What you will do - Copy the data that follows exactly as it is, excluding all pictures.

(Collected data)
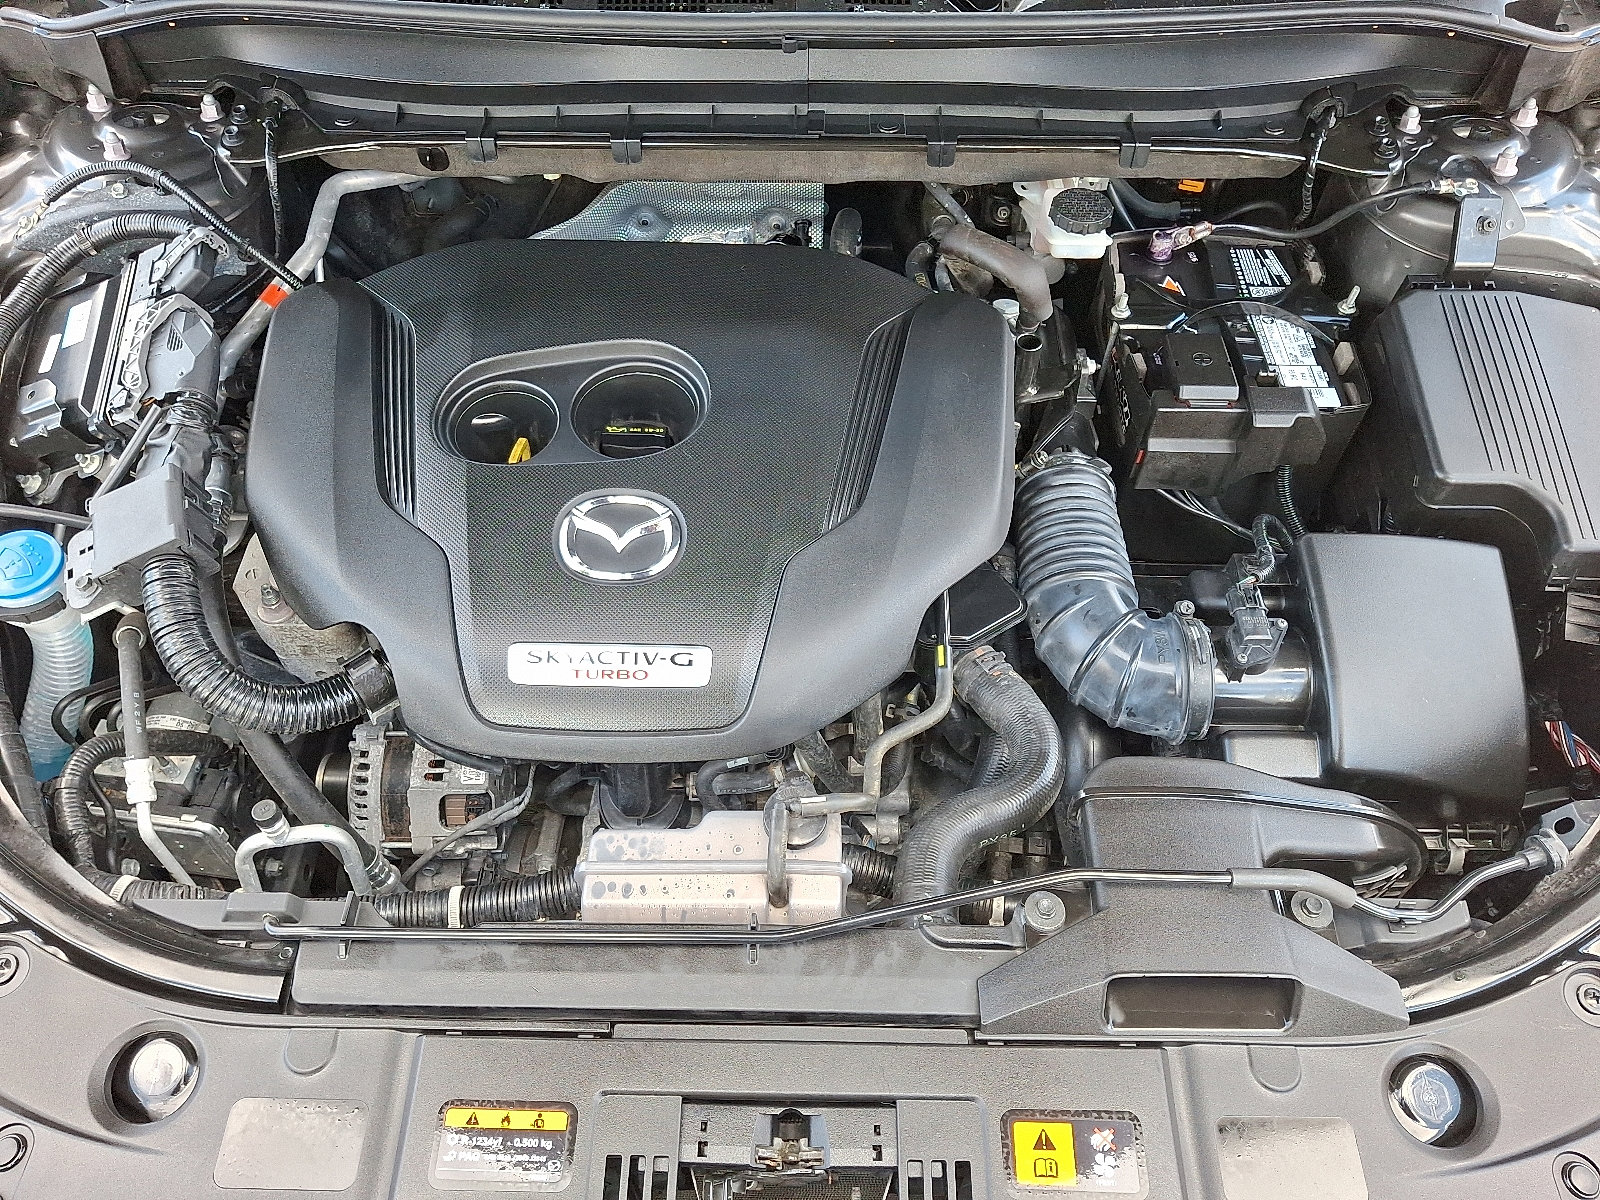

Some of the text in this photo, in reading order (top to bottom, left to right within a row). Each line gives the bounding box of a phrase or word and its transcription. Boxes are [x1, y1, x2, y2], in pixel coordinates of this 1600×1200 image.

[526, 650, 694, 667] SKYACTIV-G
[573, 669, 649, 681] TURBO
[513, 1137, 539, 1148] 0.500
[540, 1138, 553, 1151] kg

Exercise solution -
Some of the text in this photo, in reading order (top to bottom, left to right within a row). Each line gives the bounding box of a phrase or word and its transcription. Boxes are [x1, y1, x2, y2], in pixel coordinates of this 1600×1200 image.

[526, 650, 694, 667] SKYACTIV-G
[573, 669, 649, 681] TURBO
[513, 1137, 539, 1148] 0.500
[540, 1138, 553, 1151] kg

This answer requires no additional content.